LUMP SUM INVESTMENT IS DOWNRIGHT DANGEROUS !

1. For most individual investors, it is downright dangerous to be investing a large amount of money in lump sum in the equity markets because the risk of mistiming your investments deprives you of benefiting from the market for many years. 
2. If someone gets started through a lump sum investment and ends up losing money, he would keep away from equities for a long time. 
3. Hence, even at the cost of losing an opportunity, one should stagger their investments and spread it over at least 6-8 months, because if the market goes down by even 15-20 per cent after you have made your lump sum investment, you will start looking at equities in a very negative way.
4. Systematic Investment Plans (SIPs) help one benefit by averaging out the cost of acquisition and through the power of compounding over time, besides helping you to manage your anxiety when markets are on a downward trend.
5. While you can invest a large amount in Equity-Linked Saving Scheme (ELSS) funds at one go for availing tax benefits, but the best way to invest is through monthly SIPs. 
6. This will curtail the investing risk significantly by averaging out your cost of purchase in the year.
7. It will also inculcate the tax-saving habit throughout the financial year, instead of buying worthless tax-saving instruments in a hurry at the last moment.
8. A lump sum, if needed, can be invested additionally in the last month for topping it up as per actual tax computation.
9. The only exception to SIP investment would be making a tactical investment in a thematic or sectoral fund.
10. Even the best of fund managers could not time the market all the time, so it is quite natural that an untrained retail investor will not succeed too.
11. However, the reality is that a large number of investors feel that they can time their market entry and exit perfectly, but most often end up with disastrous results because there are several factors that influence stock prices (and mutual fund NAVs) which are not always possible to predict correctly. 

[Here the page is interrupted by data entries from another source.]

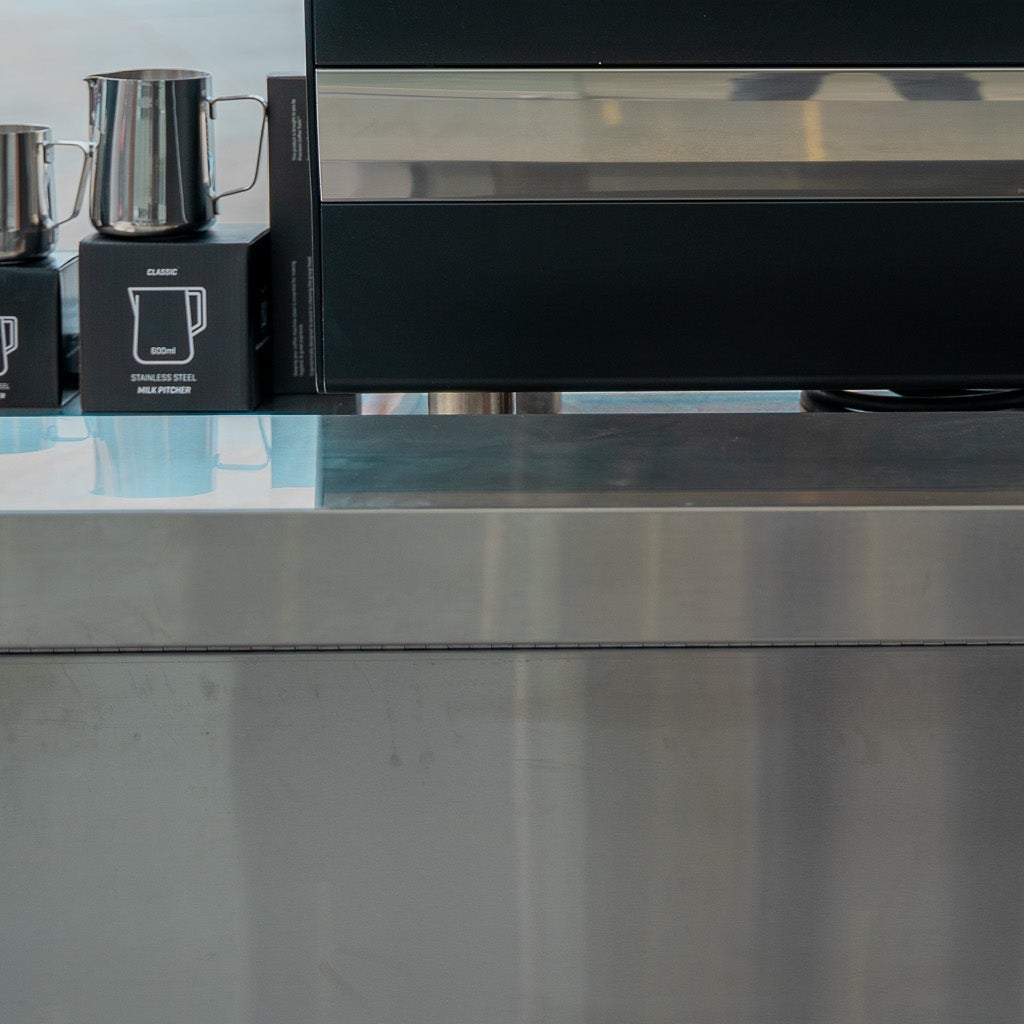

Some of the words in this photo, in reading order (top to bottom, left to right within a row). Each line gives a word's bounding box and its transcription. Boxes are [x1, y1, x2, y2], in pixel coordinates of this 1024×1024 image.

[146, 268, 178, 276] CLASSIC
[150, 347, 176, 355] 600ml
[130, 374, 172, 382] STAINLESS
[173, 374, 197, 382] STEEL
[137, 386, 157, 394] MILK
[158, 386, 192, 394] PITCHER

12. A prudent investment practice is to invest systematically and with a long-term approach, which helps you average out your acquisition cost, avoid timing the market, and get the advantage of the power of compounding. 
13. Likewise, in the long run, as the market moves in cycles, it gives you the scope to exit gainfully at different times.
14. After retirement, say, you can start regular withdrawals, either through Systematic Withdrawal Plans (SWPs) or redemption of units, from the same fund(s) equivalent to your weekly/ monthly/ required expenses.
15. All withdrawals after 1 year of investment are tax-free in your hands upto Rs.1 lakh annually.
16. A back-of-the-envelope calculation shows that an investment of just Rs.1,000 per week, out of your NET SURPLUS SAVING, into a weekly SIP of a Balanced equity fund, throughout 30 years of earning life, will give a weekly SWP of Rs.22,000 from it for the next 30 years of retired life.